> _WHAT THE EXERCISE ASKS_
Only the text belongs in the copy. Transcribe the data exactly and drop any pictures.

══ SUPPLIED MATERIAL ══

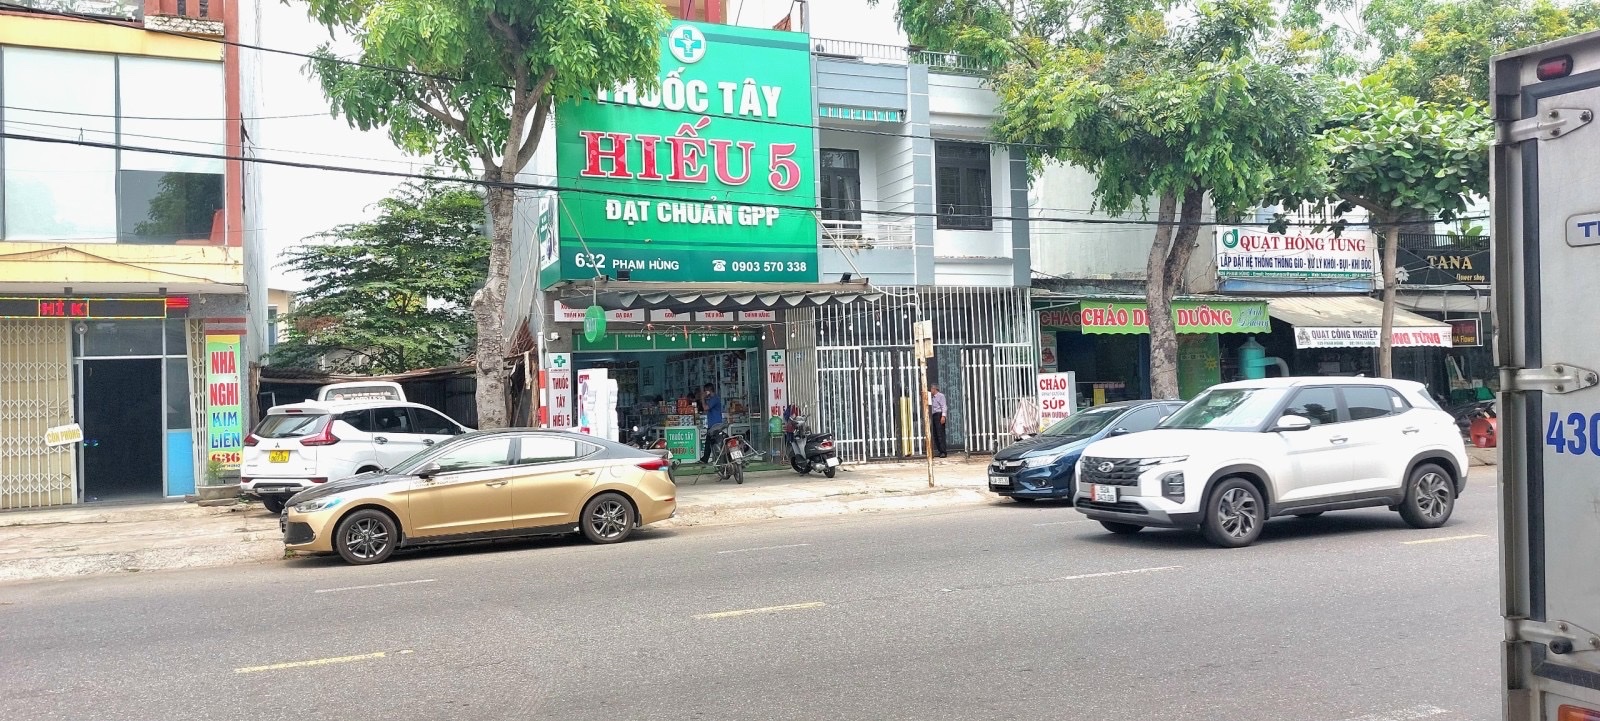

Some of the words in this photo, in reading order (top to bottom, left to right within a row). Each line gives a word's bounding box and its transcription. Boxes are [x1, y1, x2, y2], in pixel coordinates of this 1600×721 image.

[718, 78, 782, 118] TÂY
[579, 116, 755, 186] HIẾU
[768, 143, 801, 191] 5
[606, 199, 650, 226] ĐẠT
[738, 205, 780, 226] GPP
[1578, 221, 1600, 237] T
[1240, 235, 1280, 252] QUẠT
[1285, 230, 1325, 251] HỒNG
[575, 253, 606, 269] 632
[612, 259, 645, 272] PHẠM
[649, 257, 680, 271] HÙNG
[732, 261, 761, 272] 0903
[763, 261, 783, 272] 570
[787, 261, 807, 272] 338
[1233, 254, 1245, 269] ĐẶT
[1246, 254, 1253, 269] HỆ
[1254, 254, 1273, 268] THỐNG
[1274, 256, 1293, 269] THÔNG
[1427, 255, 1473, 270] TANA
[1473, 273, 1485, 283] shop
[1040, 307, 1081, 326] CHÁO
[1081, 304, 1128, 327] CHÁO
[1177, 303, 1233, 327] DƯỠNG
[1331, 328, 1351, 338] CÔNG
[1460, 335, 1475, 343] Flower
[211, 346, 236, 375] NHÀ
[552, 373, 569, 389] THUỐC
[770, 368, 784, 383] THUỐC
[1040, 375, 1067, 391] CHÁO
[210, 376, 239, 406] NGHỈ
[556, 394, 565, 408] TÂY
[1042, 396, 1065, 410] SÚP
[212, 411, 238, 428] KIM
[552, 410, 564, 427] HIẾU
[566, 414, 570, 426] 5
[211, 429, 241, 448] LIÊN
[669, 431, 684, 441] THUỐC
[211, 452, 241, 464] 636

═══

> _THE COMPLETED TASK_
Some of the words in this photo, in reading order (top to bottom, left to right within a row). Each line gives a word's bounding box and its transcription. Boxes are [x1, y1, x2, y2], in pixel coordinates of this 1600×721 image.

[718, 78, 782, 118] TÂY
[579, 116, 755, 186] HIẾU
[768, 143, 801, 191] 5
[606, 199, 650, 226] ĐẠT
[738, 205, 780, 226] GPP
[1578, 221, 1600, 237] T
[1240, 235, 1280, 252] QUẠT
[1285, 230, 1325, 251] HỒNG
[575, 253, 606, 269] 632
[612, 259, 645, 272] PHẠM
[649, 257, 680, 271] HÙNG
[732, 261, 761, 272] 0903
[763, 261, 783, 272] 570
[787, 261, 807, 272] 338
[1233, 254, 1245, 269] ĐẶT
[1246, 254, 1253, 269] HỆ
[1254, 254, 1273, 268] THỐNG
[1274, 256, 1293, 269] THÔNG
[1427, 255, 1473, 270] TANA
[1473, 273, 1485, 283] shop
[1040, 307, 1081, 326] CHÁO
[1081, 304, 1128, 327] CHÁO
[1177, 303, 1233, 327] DƯỠNG
[1331, 328, 1351, 338] CÔNG
[1460, 335, 1475, 343] Flower
[211, 346, 236, 375] NHÀ
[552, 373, 569, 389] THUỐC
[770, 368, 784, 383] THUỐC
[1040, 375, 1067, 391] CHÁO
[210, 376, 239, 406] NGHỈ
[556, 394, 565, 408] TÂY
[1042, 396, 1065, 410] SÚP
[212, 411, 238, 428] KIM
[552, 410, 564, 427] HIẾU
[566, 414, 570, 426] 5
[211, 429, 241, 448] LIÊN
[669, 431, 684, 441] THUỐC
[211, 452, 241, 464] 636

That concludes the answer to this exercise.